2012-07-31 Thread Stan Vass
I'd like to point out some puzzling behaviors in Traits as they exist in the 
production releases of PHP 5.4.


1. Name collisions between a trait method and a class method using the trait go 
unreported, the class silently shadowing the trait method:


trait T {
function foo() { $this-bar; }
function bar() { echo 'trait'; }
}

class C {
use T;
function bar() { echo 'class'; }
}

$c = new C;
$c-foo(); // class

Proposed behavior: Fatal error on collision, unless the method is imported with 
a unique name using the { ... as ... } syntax.


2. Using as syntax when importing a trait does NOT rename a method, but 
creates an alias CLONE, the original method still callable.


trait T {
function bar() { echo 'trait'; }
}

class C {
use T { bar as foo; }
}

$c = new C;
$c-bar(); // trait

Proposed behavior: the original name should be only accessible within the trait 
and its methods, not from the class methods or by calling the class instance's 
methods from outside.


3. Properties silently collide in traits and classes.


trait T1 {
private $foo;

trait T2 {
private $foo;
}

class C { use T1, T2; } // No error.

Proposed behavior: An error is produced only when the properties differ in 
visibility or a default value, which is clearly insufficient to determine 
they're used for the same purpose, and hold the same data. Instead they should 
use the same logic as method conflicts: fatal error on name collision. 
Alternatively, each trait property whould be accessible within the trait that 
defines it, not from other traits used in the same class, or the class itself.

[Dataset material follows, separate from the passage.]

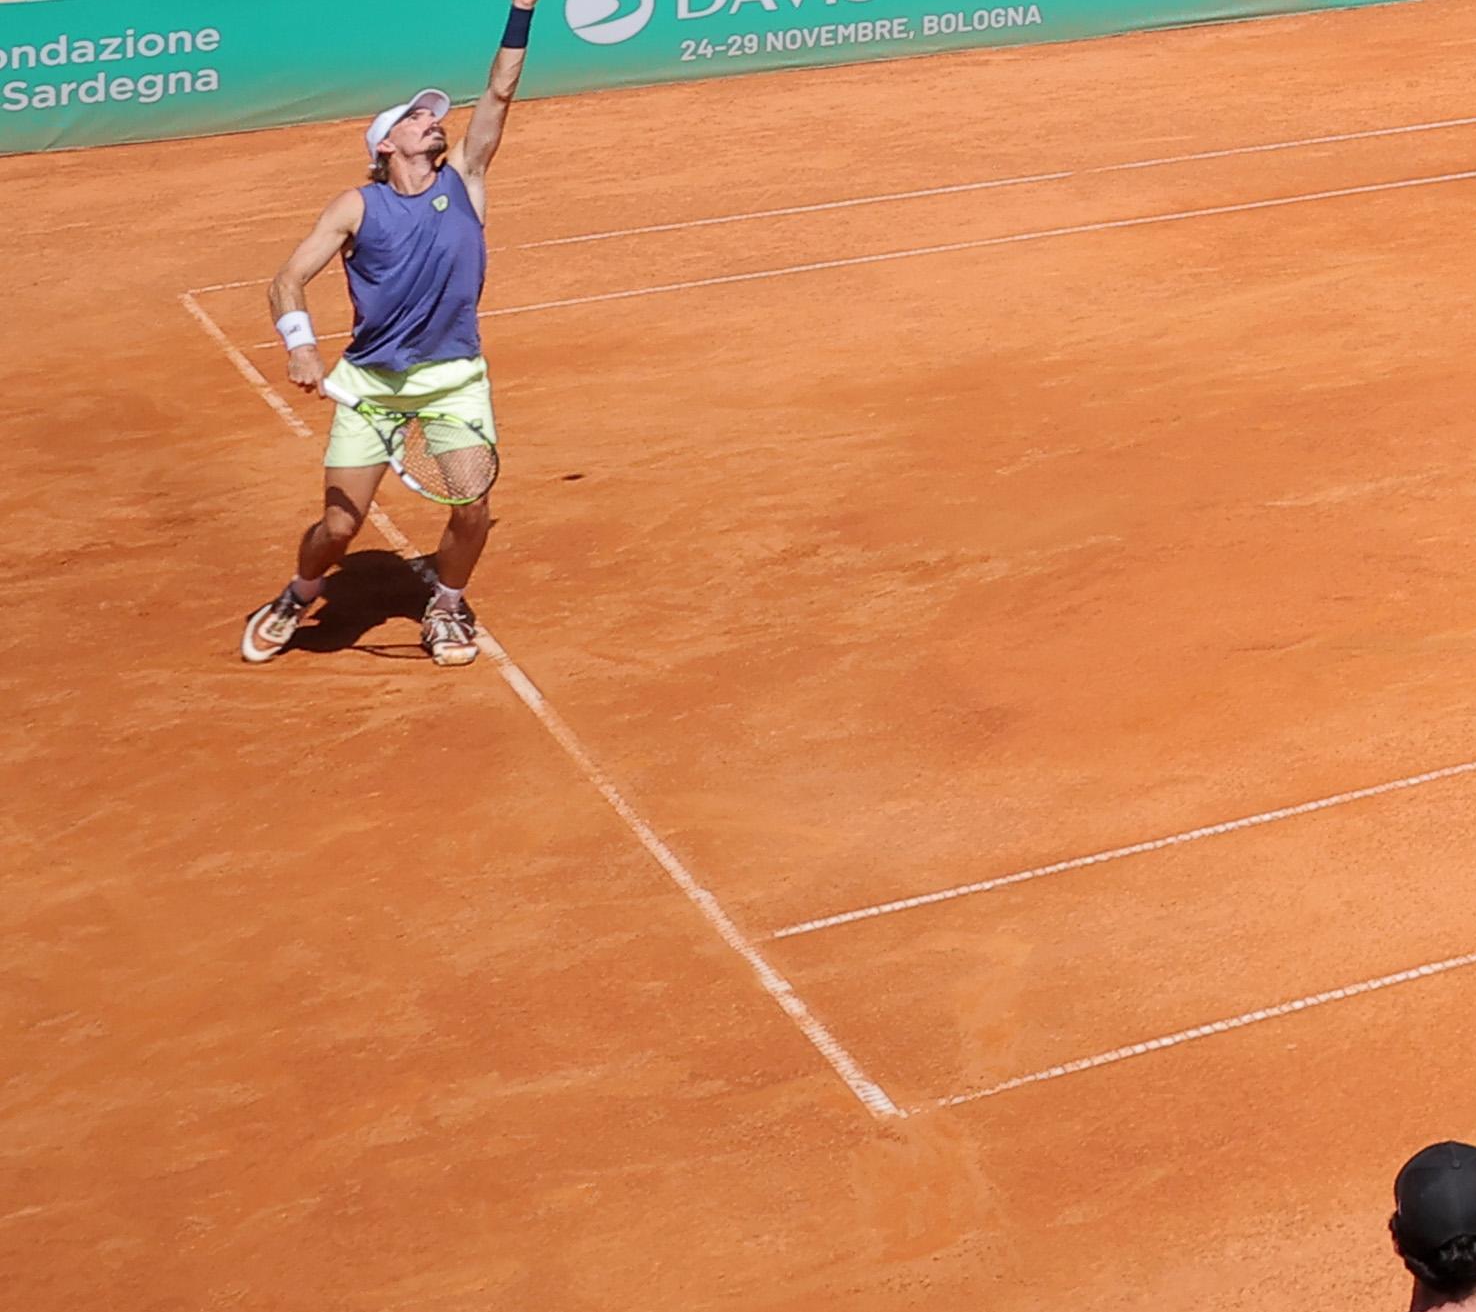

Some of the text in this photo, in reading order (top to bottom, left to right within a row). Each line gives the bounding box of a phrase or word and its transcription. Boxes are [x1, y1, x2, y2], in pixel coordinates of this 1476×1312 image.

4. The documentation says static propeties can't be defined by traits. Yet they 
can.


I don't know what's the bug here: a doc bug, or a code bug. For consistency, 
static properties should work, if instance properties work. Nothing is gained 
supporting it half-way.

Not many use 5.4 yet, so the sooner all this is clarified, the better, before 
it becomes completely unfixable due to BC. Feedback?